Q. Who are you and what do you do?
A. I am Charles Carter, the Director Regions at ICAEW helping to support our members in business and practice.
Q. What is it about the Pitch that made you want to get involved with the event?
A. ICAEW Chartered Accountants are financial experts who are well positioned to give businesses guidance they can rely on to help them to make the best decisions and understand how the latest regulations affect them and their business. Our ICAEW Business Advice Service was launched to offer a helping hand to SMEs offering a free initial business advice session on how to overcome challenges facing start-ups and small to medium-sized businesses.
On a personal level I enjoy meeting all the businesses that enter The Pitch and hearing about their entrepreneurial skills.
Q. What expertise can you offer to entrants of The Pitch?
A. I have experience of running an SME as a general manager in the early 90s.
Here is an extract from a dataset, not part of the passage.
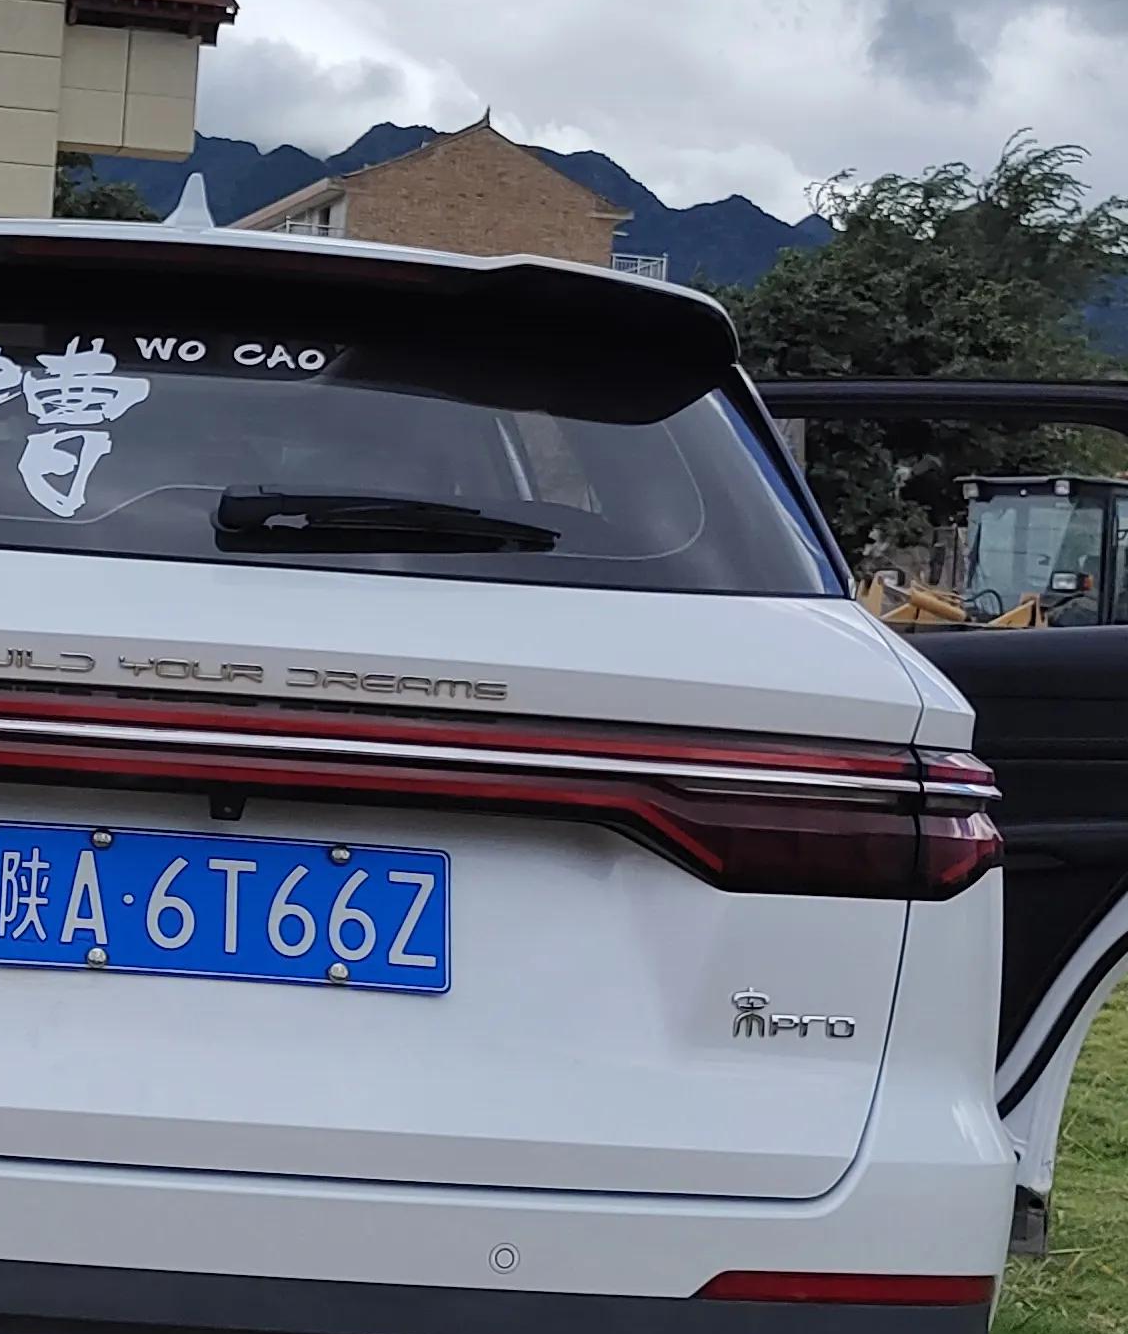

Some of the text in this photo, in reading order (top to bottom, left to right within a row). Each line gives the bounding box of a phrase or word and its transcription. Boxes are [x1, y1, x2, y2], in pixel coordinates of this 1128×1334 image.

[134, 336, 326, 371] WO CAO
[118, 654, 264, 684] YOUR
[286, 667, 509, 701] DREAMS
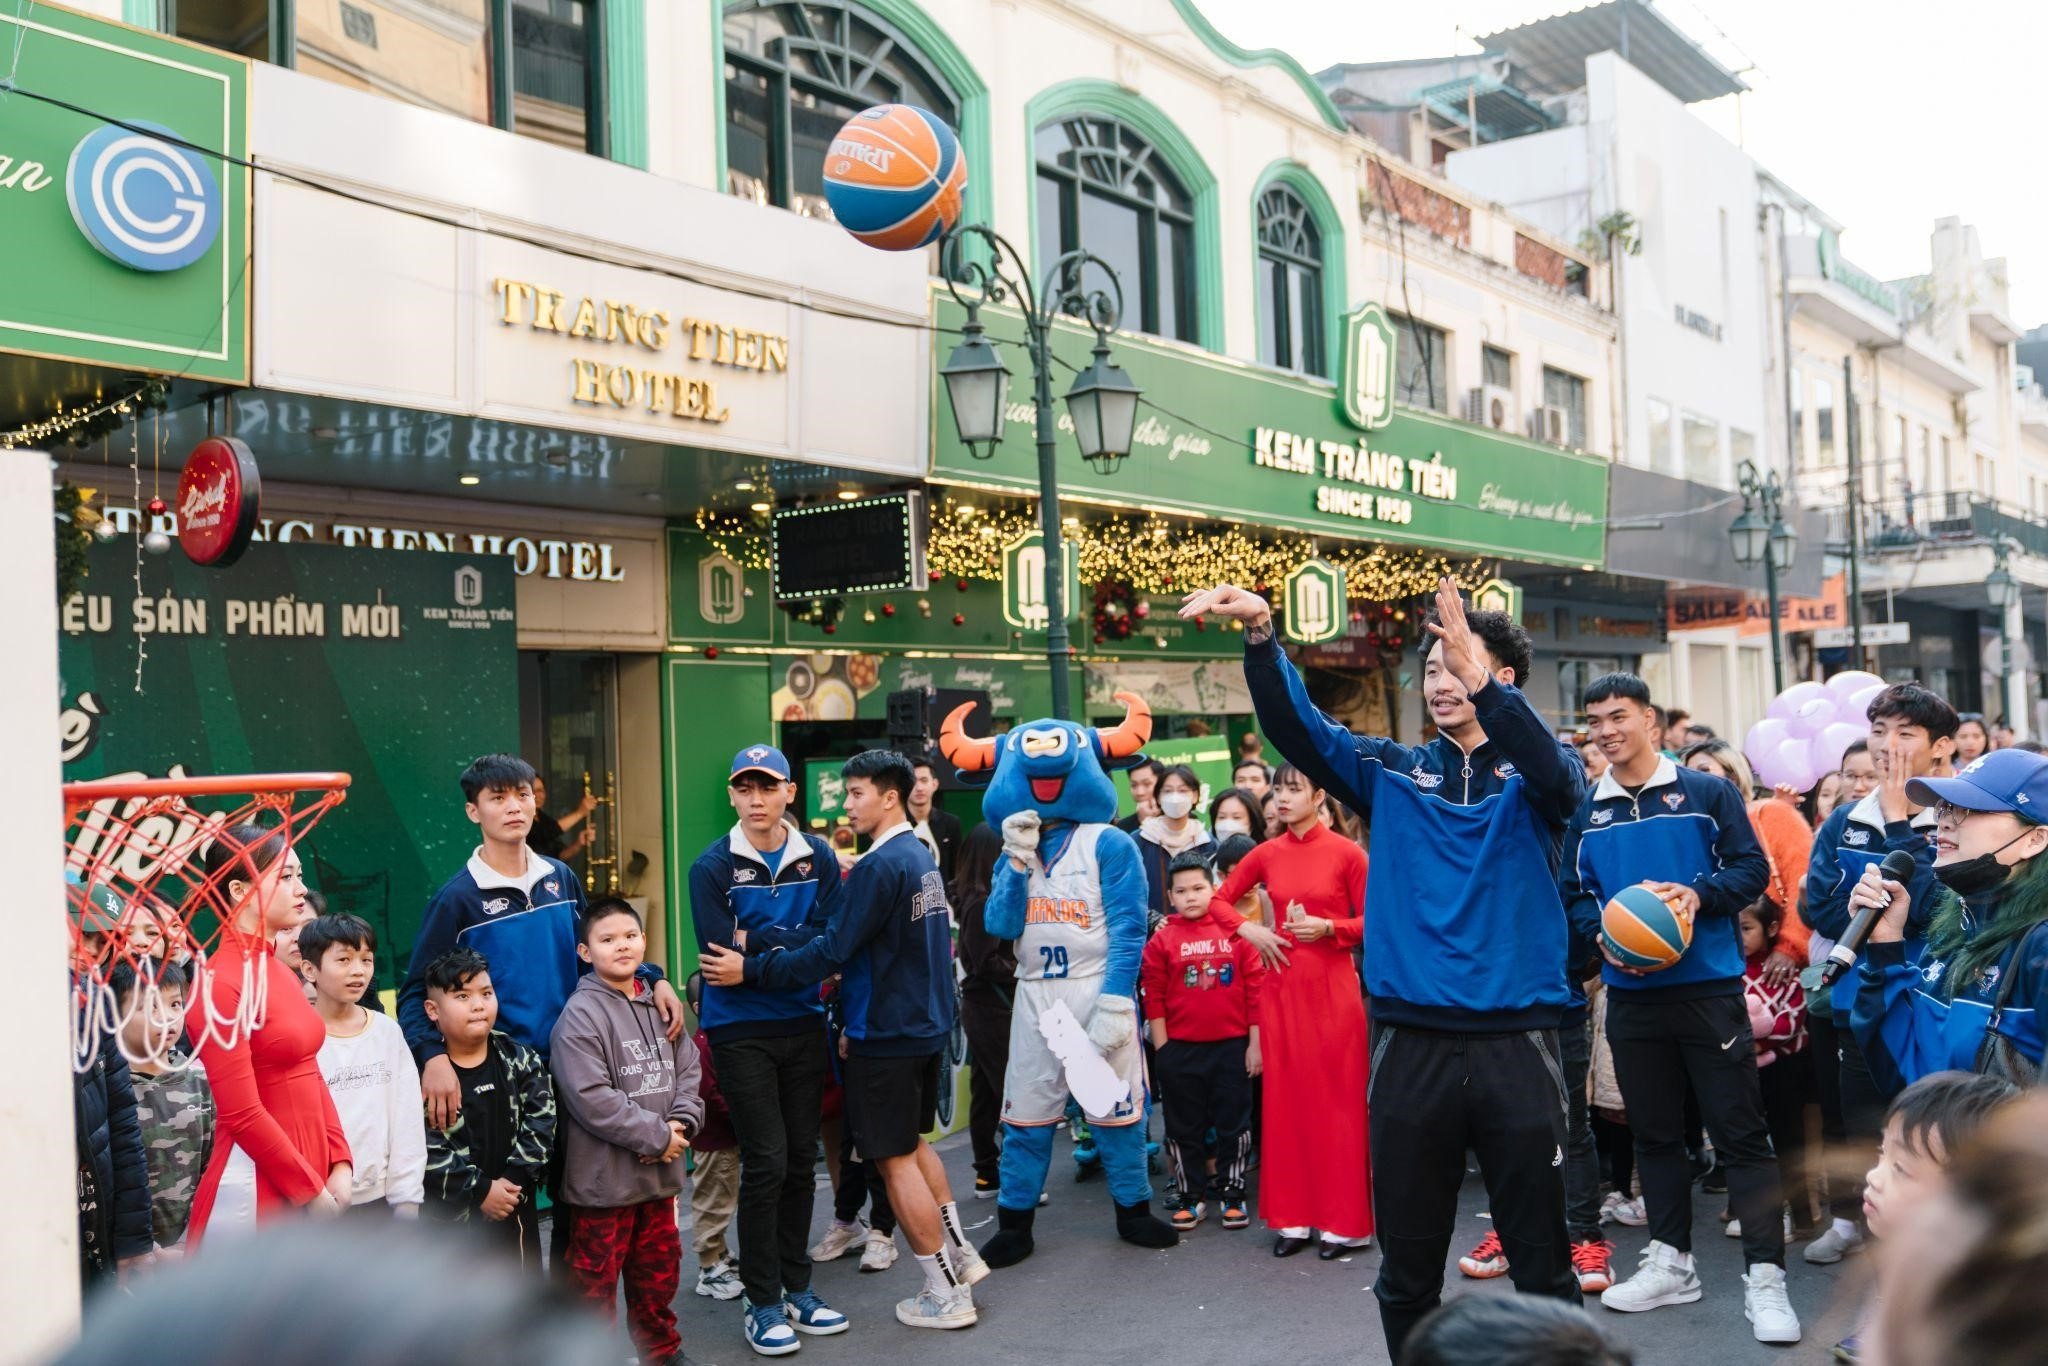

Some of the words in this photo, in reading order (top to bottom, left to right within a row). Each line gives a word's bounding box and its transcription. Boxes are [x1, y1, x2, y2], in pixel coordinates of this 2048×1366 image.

I also believe that listening to and talking with companies on my daily visits to see ICAEW members gives me insight into how small businesses are coping in today’s challenging economic environment. Quite often the financial elements of a company are ignored in the enthusiasm to develop a product. Our members in practice are asked to help; frequently late to help formulate plans, develop cash flows (the banks are normally the catalyst to the request to help) and to give cash flow advice to meet bills. Failing to pay HMRC is a cardinal sin and the death of any company!
Q. If you had to give three tips on making a successful pitch, what would you choose?
A. My three tips would be:
1) Know your objective
This needs to be thought through thoroughly and take into account your precise audience. If you’re not absolutely clear in your own mind what you’re aiming for, no one else is going to be.
2) Be clear and concise
Having established a clear objective, keep your presentation structure clear, simple and clean so that the audience clearly understands your business proposition, why your business is different and how it’s going to be successful.
3) Rehearse, rehearse, rehearse
Don’t even think about reading from a script. It’s fine to have a few notes, but only as prompts to keep you on track. Write your presentation using simple everyday words. Then, rehearse, rehearse, rehearse. Know it inside and out.
Q. How important is it for your company to engage with SMEs and new businesses?
A. Extremely important. SMEs and entrepreneurs drive economic recovery and growth, yet their size means they often lack the financial expertise needed to get off the ground, raise finance and grow. ICAEW Chartered Accountants are the biggest source of business advice, reaching over 1.5m businesses from more than 20,000 offices across the UK. The ICAEW Business Advice Service (BAS) is playing a vital role in the business support landscape, offering a free consultation to SMEs and start-ups in thousands of locations across the UK.
Q. It’s clear that Pitch attendees and those pitching themselves can learn a lot from the event, but what about larger companies like yours – what do you hope to gain from being part of The Pitch?
A. ICAEW Chartered Accountants offer business advice on how to overcome challenges facing SMEs, so being part of the Pitch we learn first-hand what support ICAEW Chartered Accountants can give to SMEs, either as an ICAEW staff member or as a business advisor from one of our member firms.
Q. What are the common accountancy mistakes you see in new businesses?
A. Not managing cash flow and failing to get advice early enough are some of the common mistakes. Good financial management is critical to the success of any business. Without it, a business can be set for failure from the start. Around 500,000 new businesses start up in the UK annually, but one third of start-ups cease trading within three years.
Q. Can you outline any of the work you’ve done in the small, new, or growing business space?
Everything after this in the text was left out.